Detailed Description
The laser handpiece (probe) will be deposited in the vaginal canal and the laser energy will be delivered through the handpiece. Subjects will receive a total of three (3) treatments every six (6) weeks (+/-1 week). Subjects will return one week (+/- 3 days) post the first treatment, as well as three (3) months (+/- 2 weeks) and twelve (12) months (+/- 2 weeks) post the third treatment.
Investigators
Eligibility Criteria
Inclusion Criteria
- •Healthy non-smoking post menopausal women with absence of menstruation of at least 12 months
- •Exhibiting VVA symptoms
- •Prolapse staged \< II, according to the pelvic organ prolapse quantification (ICS-POP-Q) system
- •Have not had procedures in the anatomical area through 6 months prior to treatment
- •Understand and accept the obligation and is logistically able to present for all scheduled follow-up visits
Exclusion Criteria
- •• Acute or recurrent urinary tract infection (UTI), or genital infection (e.g. herpes candida).

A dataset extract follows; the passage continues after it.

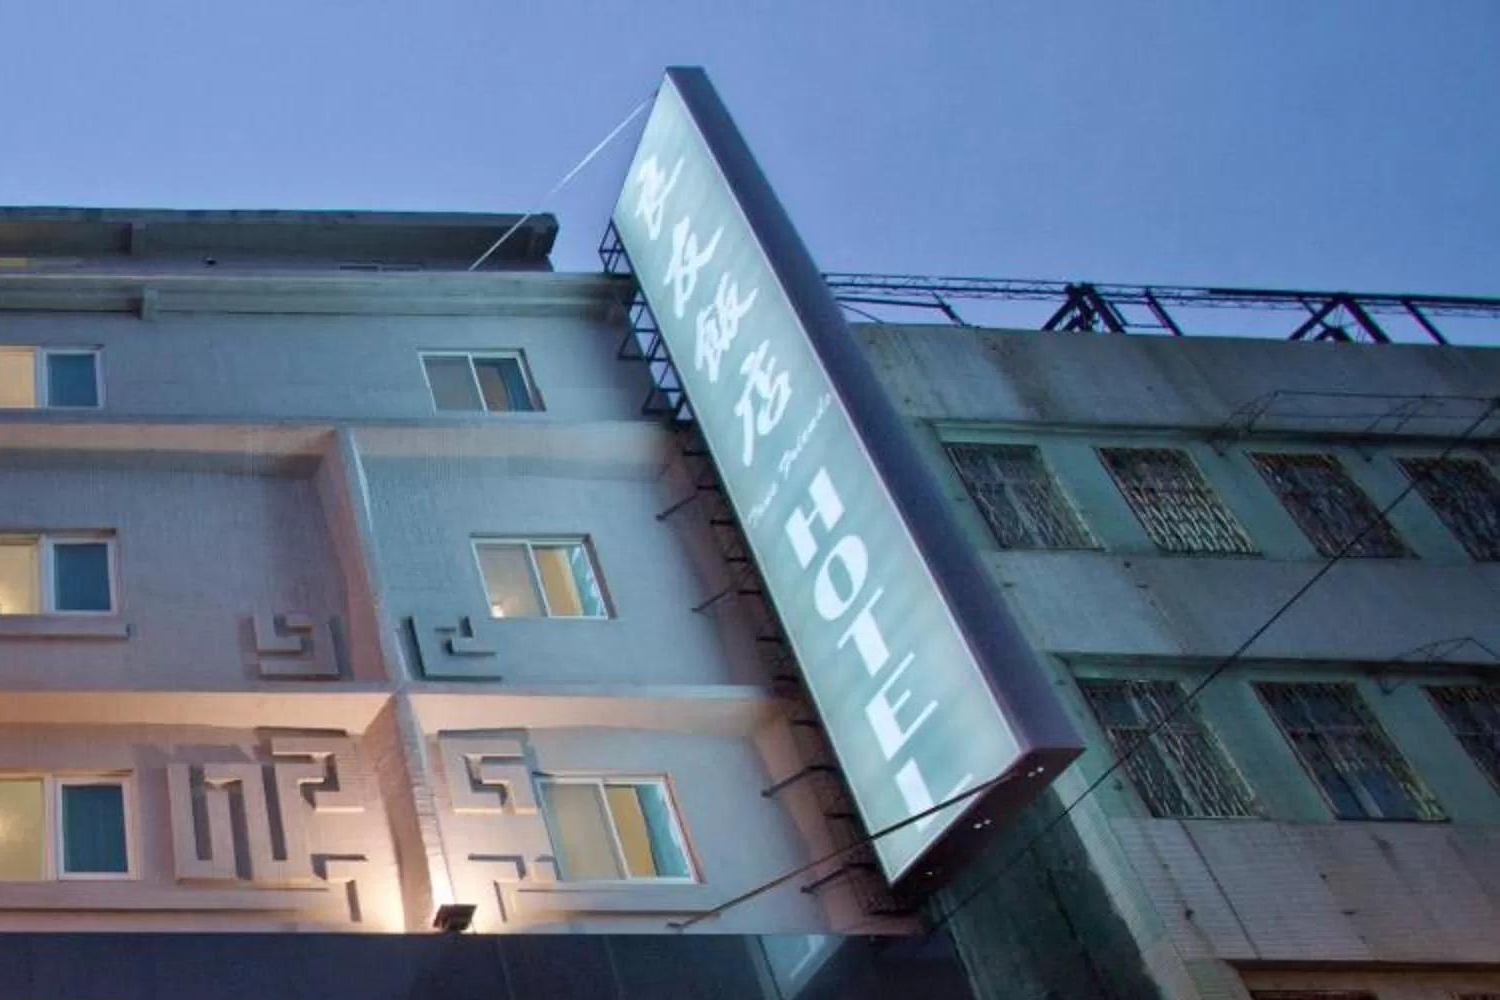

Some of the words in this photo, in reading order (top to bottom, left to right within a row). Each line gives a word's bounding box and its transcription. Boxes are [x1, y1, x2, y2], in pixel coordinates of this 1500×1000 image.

[633, 153, 793, 468] 良友飯店
[783, 466, 974, 834] HOTEL

- •Prolapse staged ≥ II, according to the pelvic organ prolapse quantification (ICS-POP-Q) system
- •Any serious disease, or chronic condition, that could interfere with the study compliance
- •Previously undergone reconstructive pelvic surgery
- •Have used vaginal creams, moisturizers, lubricants or homeopathic preparations for at least 3 months
- •A history of thrombophlebitis
- •A history of acute infections
- •A history of heart failure
- •Received or is anticipated to receive antiplatelets, anticoagulants, thrombolytics, vitamin E or anti inflammatories within 2 weeks pre treatment
- •Any medical condition, that, in the investigator's opinion would interfere with the patient's participation in the study
Outcomes
Primary Outcomes
The Main Outcome of the Study is the Efficacy of the Laser Procedure, Intended as the Amelioration of 50% of the Severity of the Vaginal Dryness at 12 Months, Compared With Baseline
Time Frame: Baseline and at follow up visit at 12 months post last treatment
The main outcome of the study is the efficacy of the laser procedure, intended as the amelioration of 50% of the severity of the vaginal dryness at 12 months, compared with baseline. The change in the vaginal dryness symptom has been assessed by means of a visual analogic scale (10 cm VAS).